Creating comprehensive, clear job descriptions is crucial to the recruitment phase, when candidates, who are likely looking at several different job opportunities, need to determine whether they’re interested in the positions you have available. At the same time, don’t make the description so detailed that you scare off candidates who might imagine themselves having to do all those tasks all the time. The job description is also an opportunity for grocers to showcase their store’s culture and values. If you prioritize customer service, make sure you list that first—for example, by writing “Give every customer immediate attention.” Larger stores have different departments, and the job description for a meat cutter will be different from the one for a bagger. Floor managers know best what each job entails, so tapping their expertise will help keep job descriptions realistic.
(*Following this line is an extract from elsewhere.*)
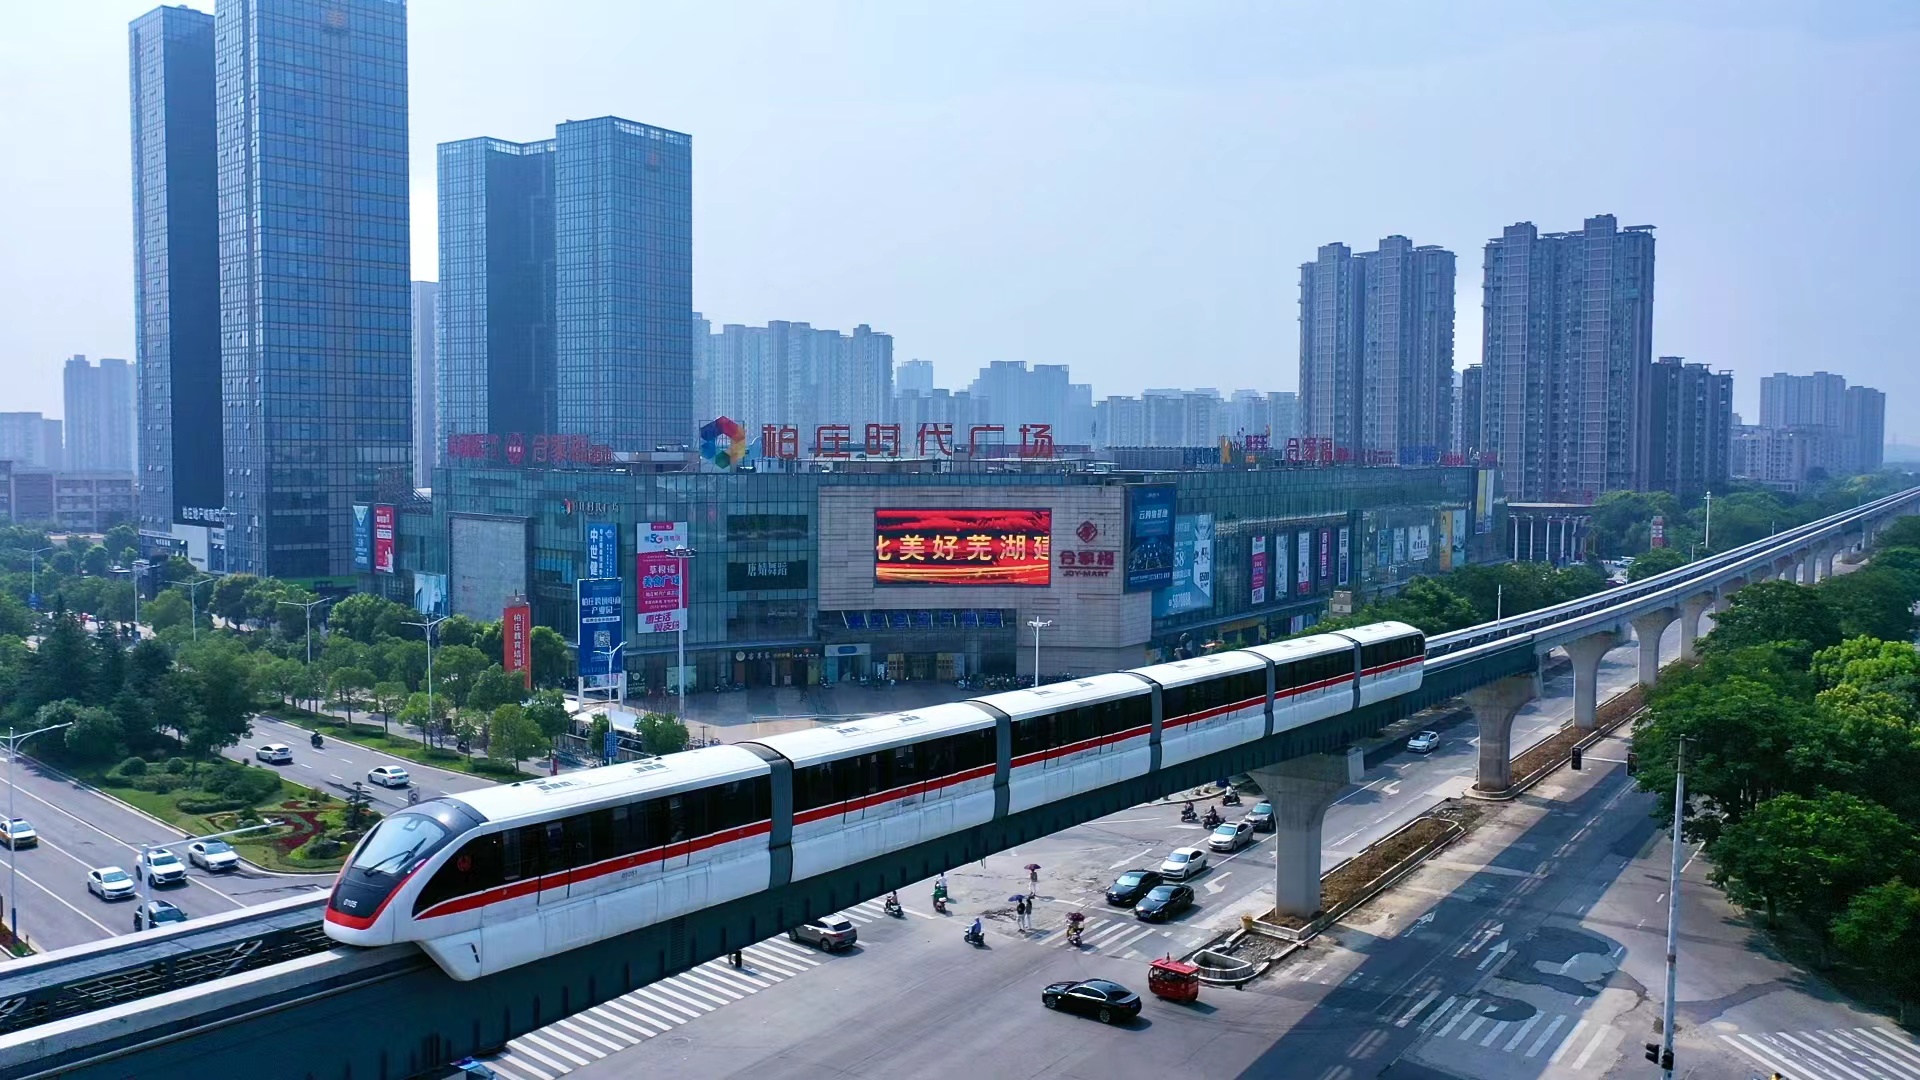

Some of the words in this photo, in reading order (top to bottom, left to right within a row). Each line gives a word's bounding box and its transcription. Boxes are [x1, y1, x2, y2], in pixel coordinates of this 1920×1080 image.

[762, 423, 1052, 459] 柏庄时代广场
[1059, 550, 1114, 566] 合家福
[343, 898, 358, 909] 0105
HR should make a point of reviewing and updating descriptions periodically.

3. Establish performance management plans

Well-designed performance management plans help motivate employees, cultivate talent, and establish goals and accountability. Grocery workers need ongoing feedback on their job performance, both during their workday and as part of a structured review cycle, and managers need to take time to listen to feedback and support career development goals. Performance management programs need to be transparent and consistent so that workers feel they’re being evaluated based on the same criteria as their peers. Cornell University’s School of Industrial and Labor Relations recommends that HR teams set up group “calibration” meetings for managers of hourly employees so they can come to a consensus on low-, medium-, and high-performance characteristics. Include 360-degree feedback loops that involve managers, peers, direct reports, and even customers. Make sure employees can visualize a career path within the store or larger organization.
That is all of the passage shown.